[Mne_analysis] x----SPAM----xRe: epochs with no data?

HEINE LIZETTE lizette.heine at univ-lyon1.fr
Tue Jan 15 05:44:51 EST 2019
Search archives:

        External Email - Use Caution        

Hi Dillan and the rest,


I myself experienced an egi event exclusion problem and believe to have found a fix. I think (but am not completely sure) this might be the same issue as you are experiencing.


My data is recorded with 89 different events, and MNE will consistently exclude one or multiple events from the data, which of course affects further processing. This is happening since version 15. I noted this once in an issue on GitHub but this got burried under other issues.

If this fix works for you, I will try to open an issue again and maybe it can get fixed in the next version of MNE.
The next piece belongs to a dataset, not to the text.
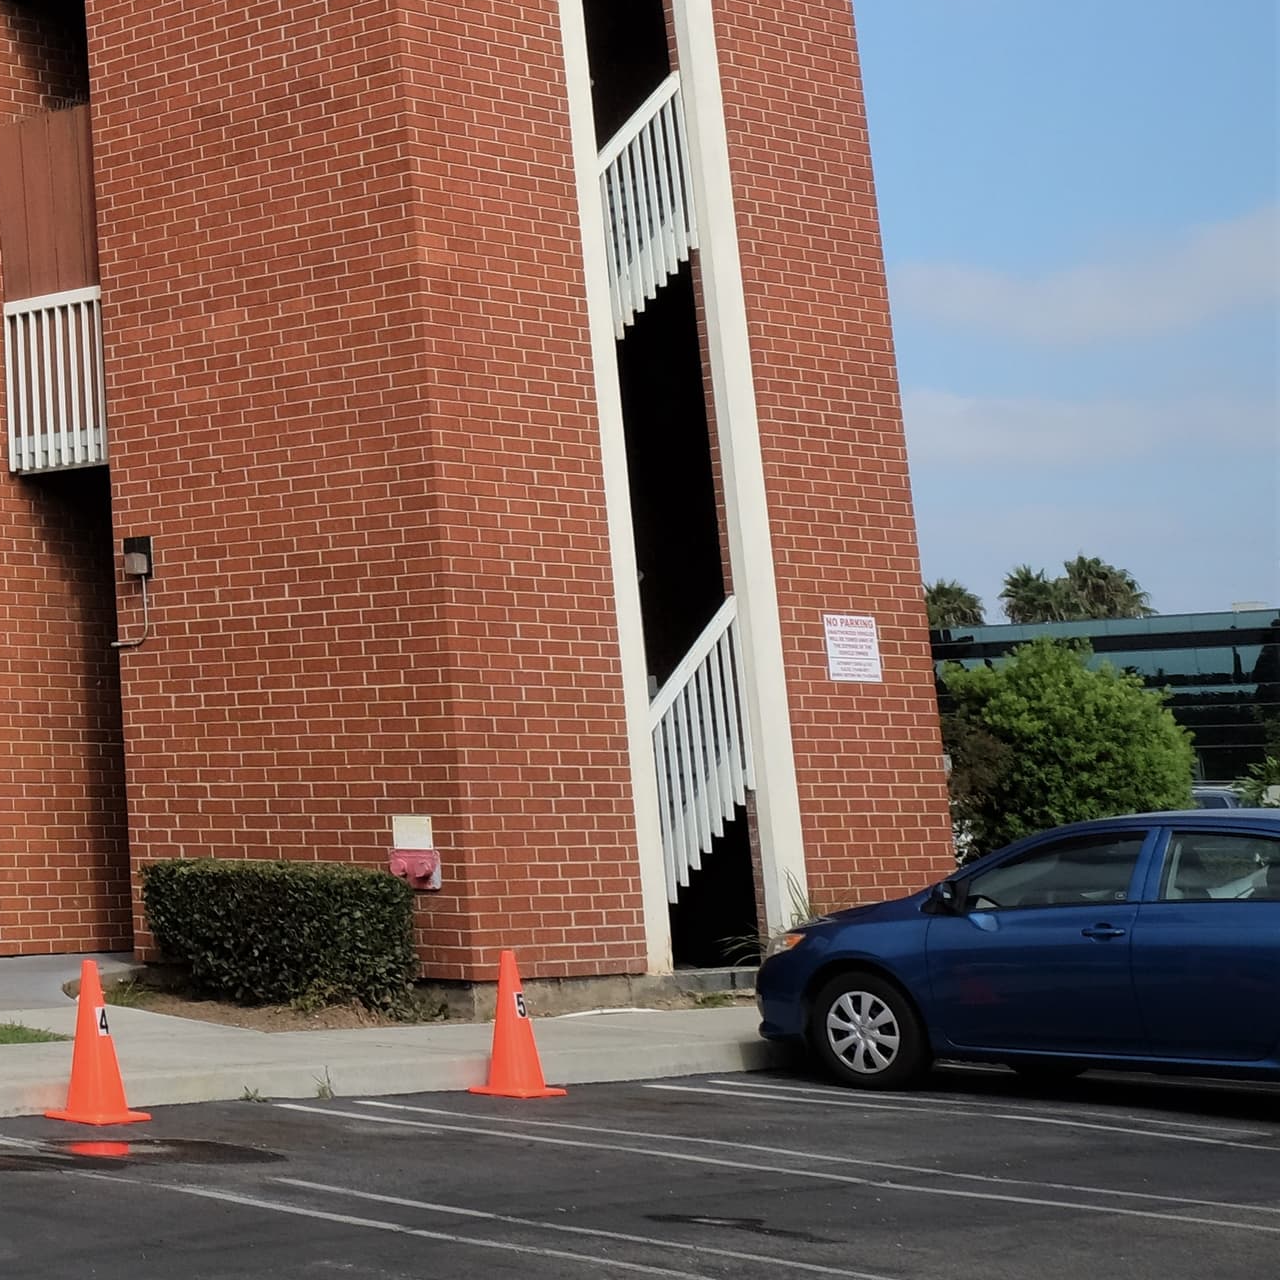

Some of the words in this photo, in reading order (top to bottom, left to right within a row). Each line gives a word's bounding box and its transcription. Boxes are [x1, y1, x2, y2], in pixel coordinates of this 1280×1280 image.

What worked is to change line 238 of egimff.py from

if event.sum() <= 1 and event_codes[ii]:   to

if event.sum() <= 0 and event_codes[ii]:


if MNE is installed via anaconda you can probably find this file here:

C:\Users\ "your account" \Anaconda3\envs\mne\Lib\site-packages\mne\io\egi​


Greetings,

Lizette Heine


ps. First time posting on the mailinglist, sorry if this is not the usual way of doing things.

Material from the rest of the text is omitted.